DATA RECORDS:
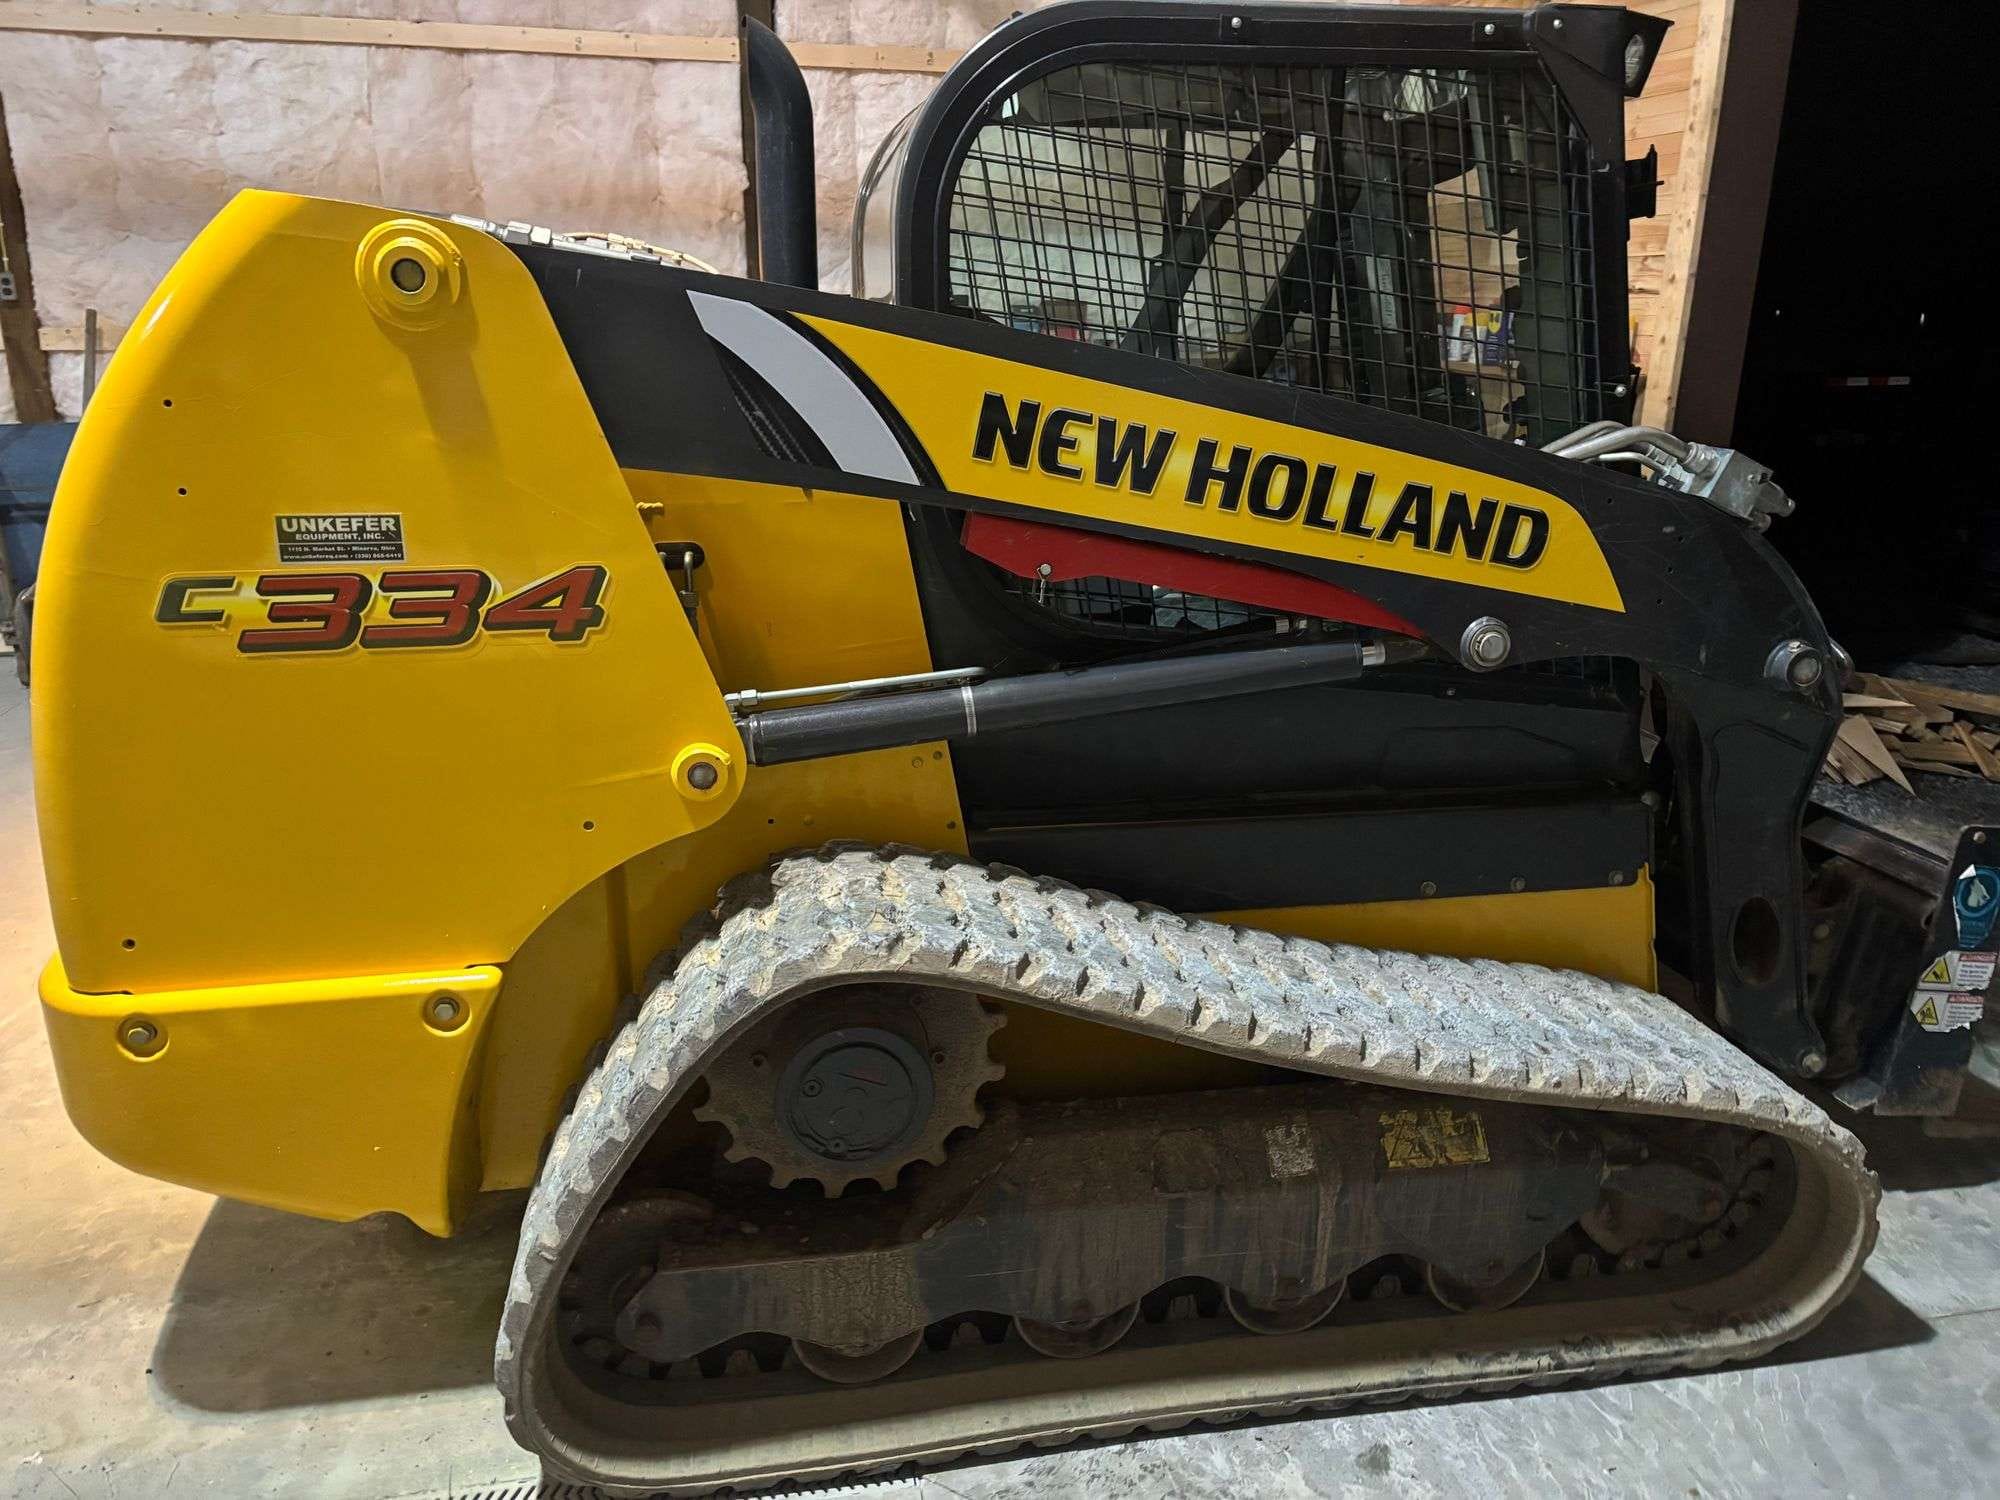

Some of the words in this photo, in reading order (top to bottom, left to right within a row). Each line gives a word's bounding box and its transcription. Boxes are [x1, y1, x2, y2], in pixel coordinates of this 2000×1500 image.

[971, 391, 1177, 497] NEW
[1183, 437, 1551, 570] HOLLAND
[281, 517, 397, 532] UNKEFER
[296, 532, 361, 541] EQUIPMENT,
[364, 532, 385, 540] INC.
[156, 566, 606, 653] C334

WHAT TO DO: Please print an exact copy of the records, with no pictures.

PROBLEM SOLUTION:
Some of the words in this photo, in reading order (top to bottom, left to right within a row). Each line gives a word's bounding box and its transcription. Boxes are [x1, y1, x2, y2], in pixel coordinates of this 2000×1500 image.

[971, 391, 1177, 497] NEW
[1183, 437, 1551, 570] HOLLAND
[281, 517, 397, 532] UNKEFER
[296, 532, 361, 541] EQUIPMENT,
[364, 532, 385, 540] INC.
[156, 566, 606, 653] C334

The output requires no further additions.